# [Records for the task]

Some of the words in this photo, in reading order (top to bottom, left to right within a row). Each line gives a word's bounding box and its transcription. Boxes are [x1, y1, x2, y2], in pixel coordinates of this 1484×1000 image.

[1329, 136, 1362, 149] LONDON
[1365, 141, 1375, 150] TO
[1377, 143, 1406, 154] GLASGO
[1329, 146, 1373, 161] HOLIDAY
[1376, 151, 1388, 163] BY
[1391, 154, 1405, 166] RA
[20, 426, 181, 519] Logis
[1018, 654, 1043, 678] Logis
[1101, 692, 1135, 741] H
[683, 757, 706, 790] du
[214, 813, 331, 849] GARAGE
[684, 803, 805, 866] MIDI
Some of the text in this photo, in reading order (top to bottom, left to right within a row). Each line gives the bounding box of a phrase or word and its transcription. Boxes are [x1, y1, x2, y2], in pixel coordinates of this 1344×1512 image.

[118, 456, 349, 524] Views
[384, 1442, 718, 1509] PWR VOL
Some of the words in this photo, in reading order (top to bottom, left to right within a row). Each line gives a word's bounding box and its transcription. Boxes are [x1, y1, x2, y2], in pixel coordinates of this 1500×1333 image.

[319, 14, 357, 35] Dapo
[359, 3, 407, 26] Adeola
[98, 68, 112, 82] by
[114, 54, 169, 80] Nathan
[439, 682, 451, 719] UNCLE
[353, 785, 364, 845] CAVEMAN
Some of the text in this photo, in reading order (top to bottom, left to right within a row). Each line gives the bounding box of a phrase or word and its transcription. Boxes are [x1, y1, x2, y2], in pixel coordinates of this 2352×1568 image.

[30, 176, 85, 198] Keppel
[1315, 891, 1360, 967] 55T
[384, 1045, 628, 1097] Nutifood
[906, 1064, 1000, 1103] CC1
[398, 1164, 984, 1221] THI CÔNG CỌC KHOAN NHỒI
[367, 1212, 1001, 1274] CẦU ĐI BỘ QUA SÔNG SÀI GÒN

# [Work instructions]
All of the data needs to be repeated exactly.

# [Finished task]
Some of the words in this photo, in reading order (top to bottom, left to right within a row). Each line gives a word's bounding box and its transcription. Boxes are [x1, y1, x2, y2], in pixel coordinates of this 1484×1000 image.

[1329, 136, 1362, 149] LONDON
[1365, 141, 1375, 150] TO
[1377, 143, 1406, 154] GLASGO
[1329, 146, 1373, 161] HOLIDAY
[1376, 151, 1388, 163] BY
[1391, 154, 1405, 166] RA
[20, 426, 181, 519] Logis
[1018, 654, 1043, 678] Logis
[1101, 692, 1135, 741] H
[683, 757, 706, 790] du
[214, 813, 331, 849] GARAGE
[684, 803, 805, 866] MIDI
Some of the text in this photo, in reading order (top to bottom, left to right within a row). Each line gives the bounding box of a phrase or word and its transcription. Boxes are [x1, y1, x2, y2], in pixel coordinates of this 1344×1512 image.

[118, 456, 349, 524] Views
[384, 1442, 718, 1509] PWR VOL
Some of the words in this photo, in reading order (top to bottom, left to right within a row). Each line gives a word's bounding box and its transcription. Boxes are [x1, y1, x2, y2], in pixel coordinates of this 1500×1333 image.

[319, 14, 357, 35] Dapo
[359, 3, 407, 26] Adeola
[98, 68, 112, 82] by
[114, 54, 169, 80] Nathan
[439, 682, 451, 719] UNCLE
[353, 785, 364, 845] CAVEMAN
Some of the text in this photo, in reading order (top to bottom, left to right within a row). Each line gives the bounding box of a phrase or word and its transcription. Boxes are [x1, y1, x2, y2], in pixel coordinates of this 2352×1568 image.

[30, 176, 85, 198] Keppel
[1315, 891, 1360, 967] 55T
[384, 1045, 628, 1097] Nutifood
[906, 1064, 1000, 1103] CC1
[398, 1164, 984, 1221] THI CÔNG CỌC KHOAN NHỒI
[367, 1212, 1001, 1274] CẦU ĐI BỘ QUA SÔNG SÀI GÒN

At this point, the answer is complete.